Disputation: Jon Austad
Msc. Jon Austad at the Department of Chemistry, Faculty of Mathematics and Natural Sciences, is defending the thesis «Theoretical Investigations of Molecular Electronic Structure in a Magnetic Field » for the degree of Philosophiae Doctor.
Semi - Digital Disputation
Due to the pandemic and the worldwide travel restrictions, the Disputation will be held semi - digital. An Audience is welcome to attend the Trial lecture and Disputation (physical attendance) in the Department after registering below. There is a limited seating capacity and the registration will be closed with no further notice, when the capacity limit has been reached. Only those who sign up are allowed physical attendance.
The Disputation will be live streamed for everyone else.
The livestream will be activated 15 minutes before the Defence starts.
NB! Ex Auditorio questions can only be asked by Audience present in the Auditorium.
Order the Dissertation as PDF from this email address with the name of the Candidate: email@example.com
Printed Dissertations will be available in Auditorium 1.
Registration for local attendance
18th. of Sept. 10:30 AM, Department of Chemistry, Auditorium 2.
« How do we calculate accurate vibrational frequencies for small molecules? »
The livestream of the lecture will be activated 15 minutes before the Trial lecture starts.

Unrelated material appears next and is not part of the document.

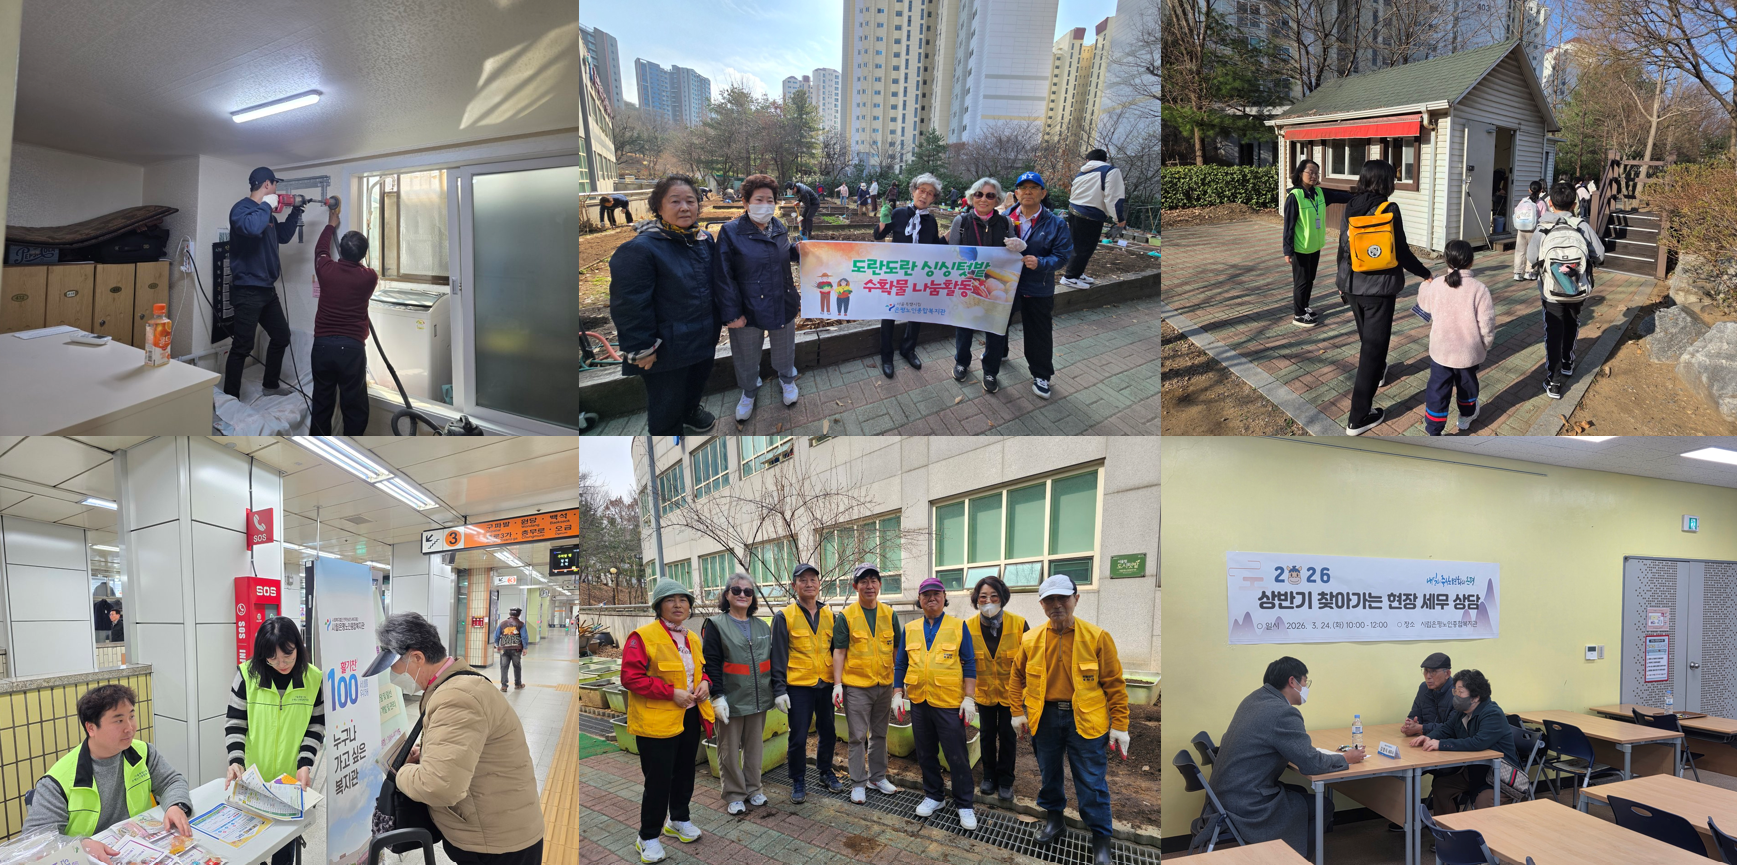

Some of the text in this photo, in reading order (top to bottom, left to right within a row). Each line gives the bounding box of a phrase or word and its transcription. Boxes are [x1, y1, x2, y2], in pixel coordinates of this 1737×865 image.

Doktorgradsavhandlingen overordnede mål var å fremme forståelse av kvantekjemi i sterke magnetfelt. Eksakte funksjonaler har blitt brukt til å undersøke magnetfeltavhengig tetthetsfunksjonalteori og kalibrere kvaliteteten på approksimative funksjonaler. Undersøkelser av elektronstrukturene og interaksjoner mellom heliumatomer i ekstreme magnefelt viser en rik og hittil ubeskrevet kjemi der ulike bindende edelgassmolekyler eksisterer i bestemte retninger til feltet. Svært omfattende beregninger av clustere av vannmolekyler viser at deres kjemiske egenskaper ikke blir påvirket av eksperimentelt tilgjengelige magnetfelt.
Main research findings
Computational quantum chemistry allows us to not only support and complement experiment, but also to make new predictions and investigate systems beyond the reach of experimental capacity. Strong magnetic fields makes both theoretical and experimental research difficult, and the area of research is full of unsolved riddles.
Three different studies are presented. One deals with the inner workings of a generalized variant of Density Functional Theory which allows the magnetic field to be directly included (BDFT), and explores in depth how various functionals handle diamagnetic, paramagnetic and aromatic molecules. It is, amongst other things shown that the properties of paramagnetic molecules are far more difficult to compute that their diamagnetic relatives. The second paper investigates the rich chemistry of the helium dimer in a strong magnetic field, and presents the many different magnetic bonding mechanisms and interactions that exists in this regime.The final paper revolves around application of highly accurate wave-function methods to determine the influence of terrestrially available magnetic fields on water. The work of this thesis presents important contributions to theoretical chemistry in the presence of magnetic fields.